TITLE:
Applied Psychometrics: The 3-Faced Construct Validation Method, a Routine for Evaluating a Factor Structure
AUTHORS:
Theodoros A. Kyriazos
KEYWORDS:
3-Faced Construct Validation Method, Validity, Reliability, Cross-Validation, Replicability, Overfitting, Over-Optimization, CFA, EFA, Factor Analysis
JOURNAL NAME:
Psychology,
Vol.9 No.8,
August
8,
2018
ABSTRACT: The “3-faced construct validation method” is a routine for establishing the validity and reliability of an existing scale when adapted in a different cultural context from the context initially developed. This routine can also be used for the initial validation of a newly developed scale. This is essentially a construct validation procedure based on a sample-splitting. The sample is randomly split into three parts, 20% for EFA, 40% for an exploratory CFA and 40% for a cross-validating CFA. The cases per variable threshold is set above 5:1, preferably above 10:1 (minimum conditions) and the first approximately 20% subsample emerges (adequate conditions) to evaluate EFA and Bifactor EFA models. Then the cases per variable threshold is set above 10:1, preferably above 20:1 (minimum conditions) and the 40% subsample emerges (adequate conditions) to examine alternative CFA models (ICM-CFA, Bifactor CFA, ESEM and Bifactor ESEM models).
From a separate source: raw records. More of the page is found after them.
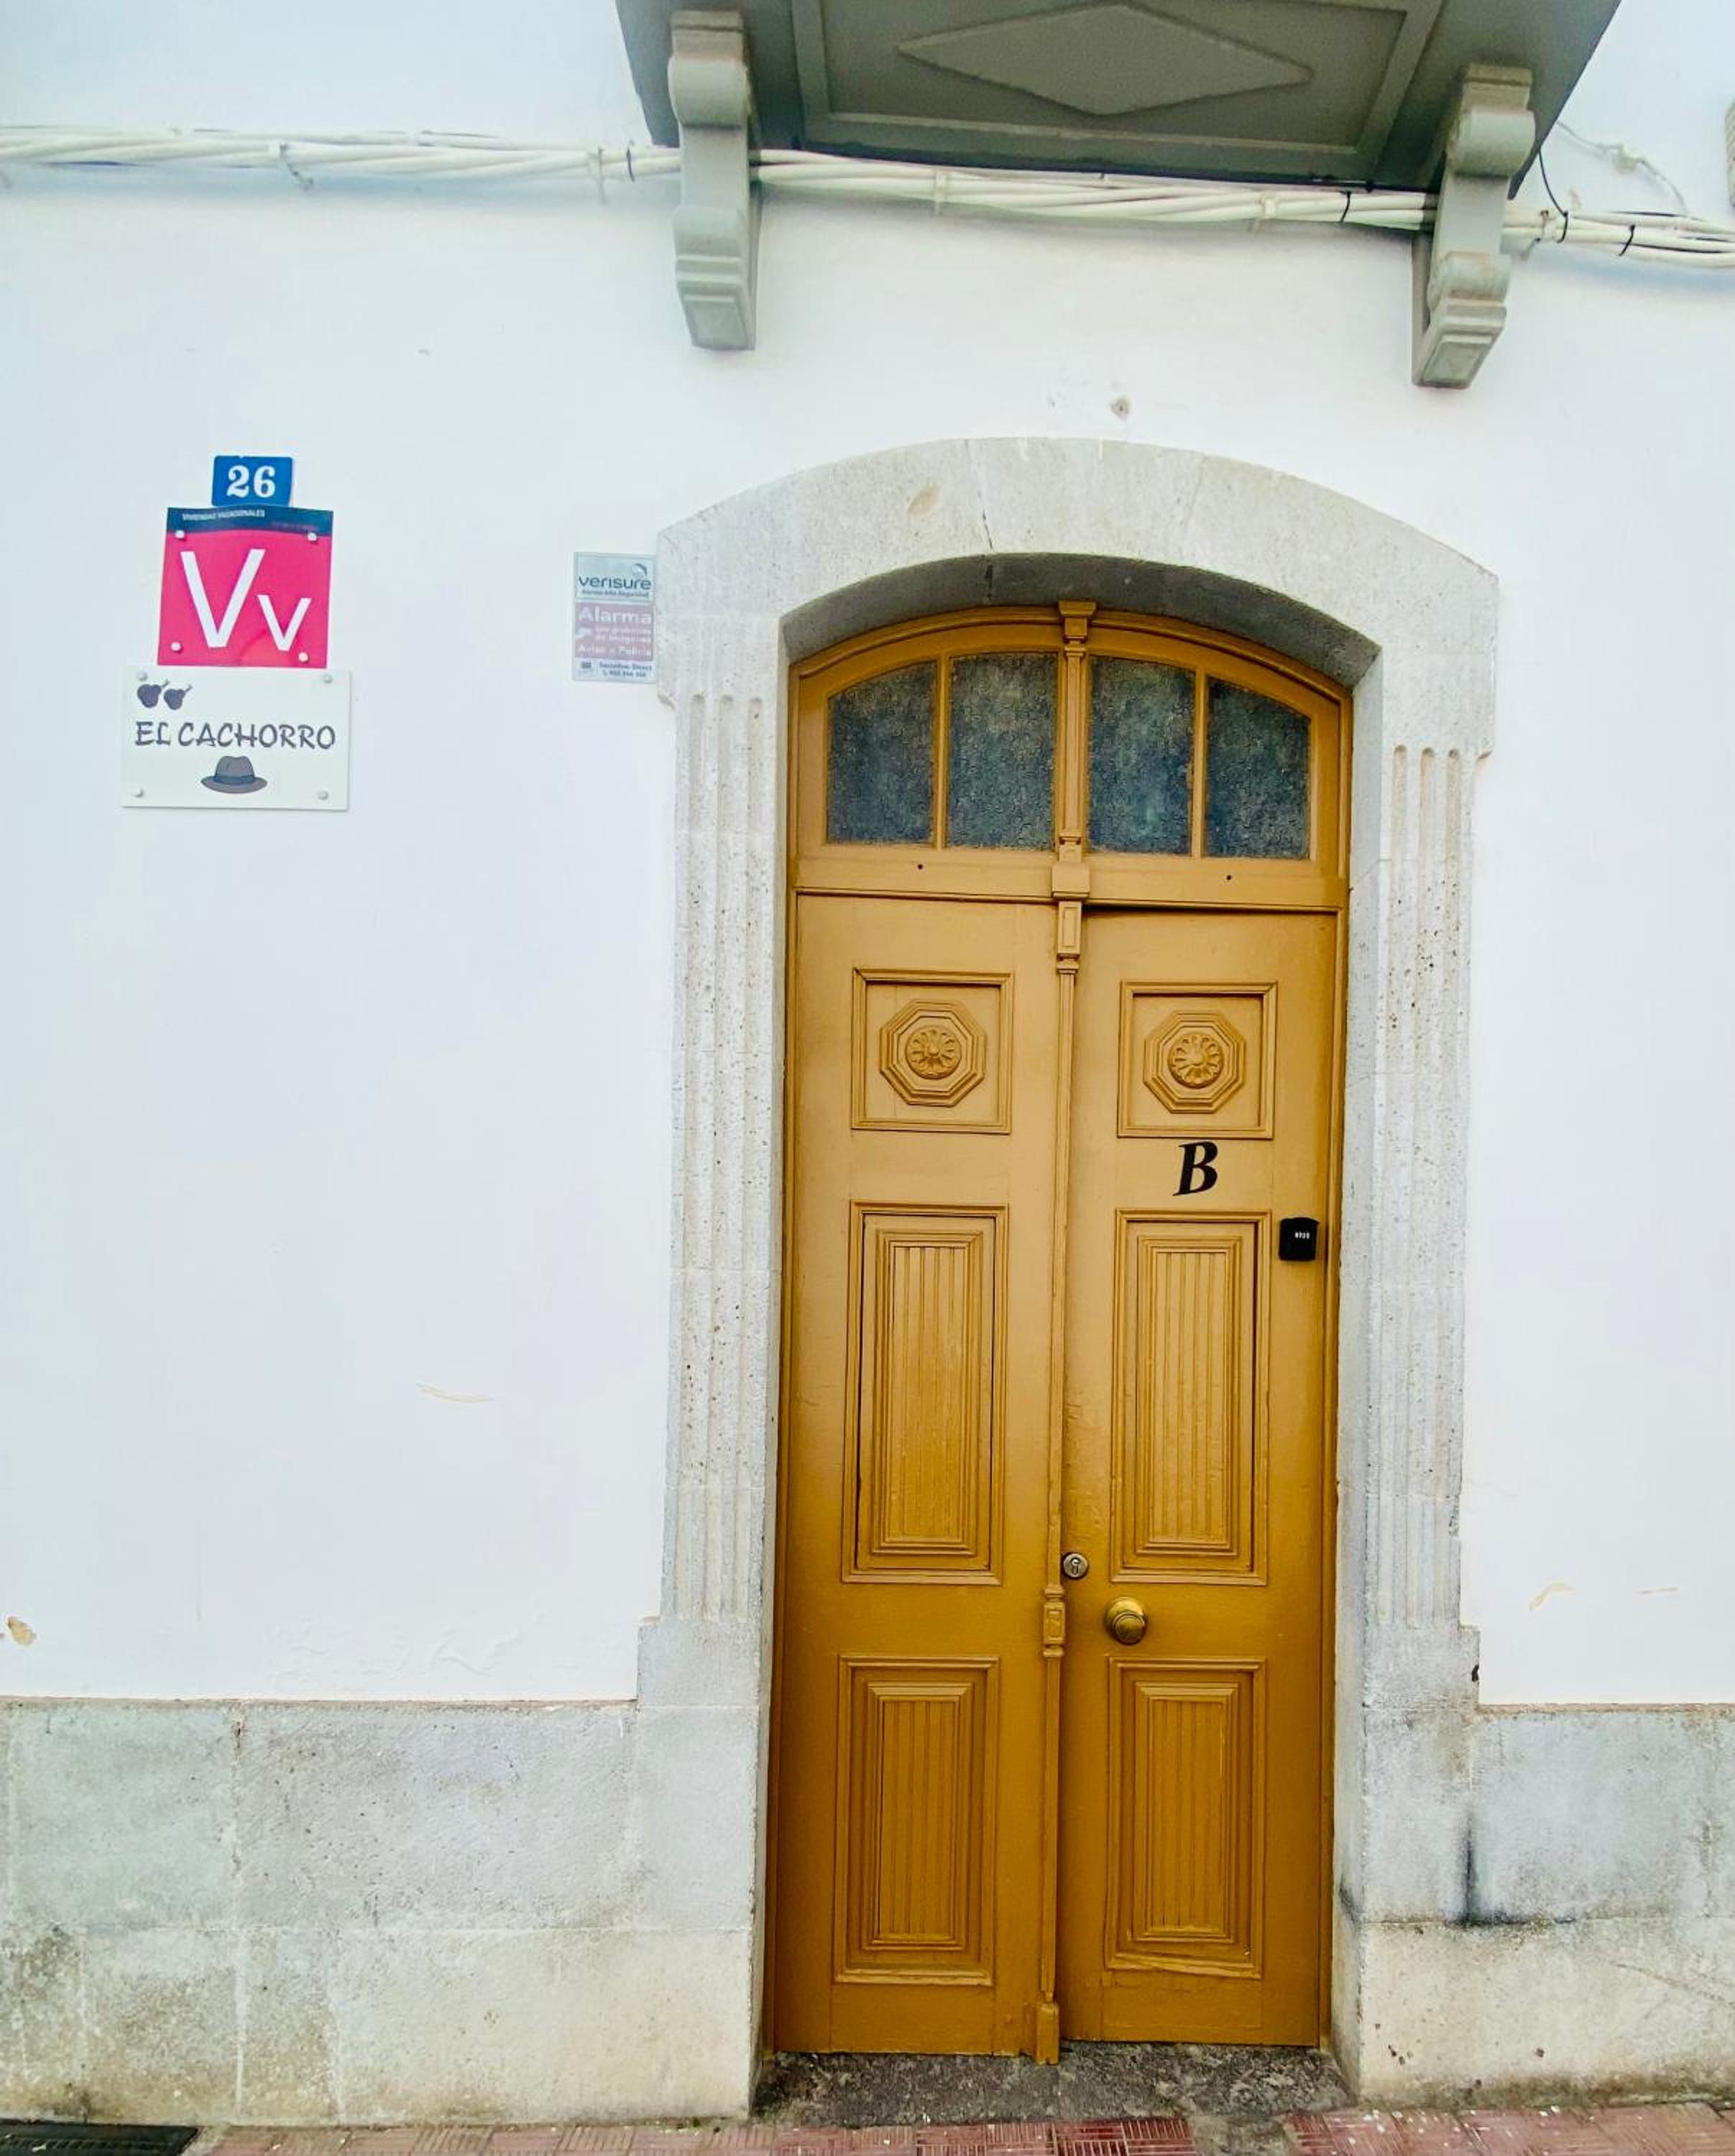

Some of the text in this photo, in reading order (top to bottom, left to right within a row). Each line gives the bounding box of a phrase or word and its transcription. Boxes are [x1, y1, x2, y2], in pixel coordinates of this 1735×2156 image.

[226, 464, 277, 499] 26
[579, 576, 652, 590] verisure
[578, 606, 652, 624] Alarma
[134, 721, 336, 750] EL CACHORRO
[1172, 1141, 1218, 1197] B
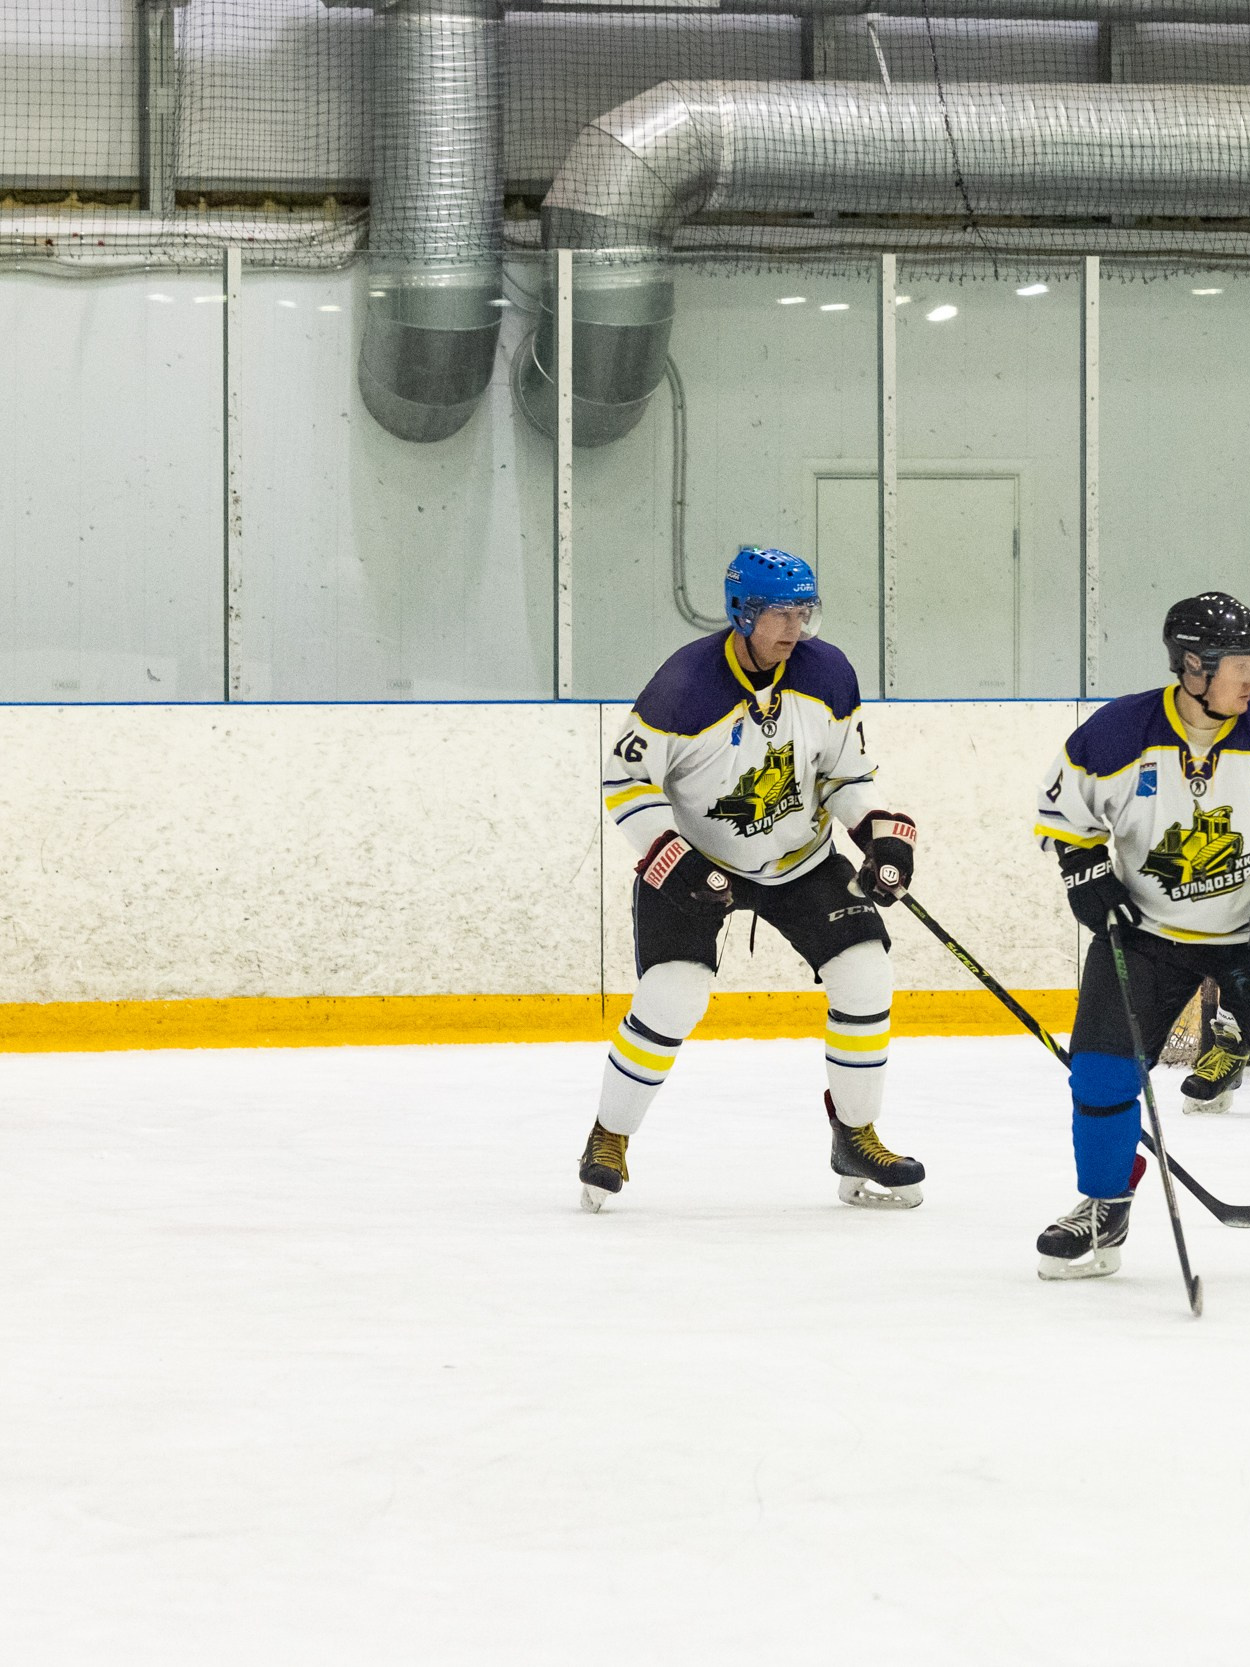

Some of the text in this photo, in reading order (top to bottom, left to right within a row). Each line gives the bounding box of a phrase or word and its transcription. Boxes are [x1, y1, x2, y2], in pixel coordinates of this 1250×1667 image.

[613, 730, 648, 763] 16
[646, 841, 686, 889] RRIOR
[828, 905, 876, 923] CCM
[945, 941, 979, 973] SUPER
The optimal model(s) is cross-validated by a second CFA in yet another 40% subsample (equal-power CFA sample) as a protection against overfitting (over-optimization) to safeguard model replicability. Measurement invariance follows and is essentially another cross-check of the optimal model over the entire sample because the optimal model is used as the baseline model.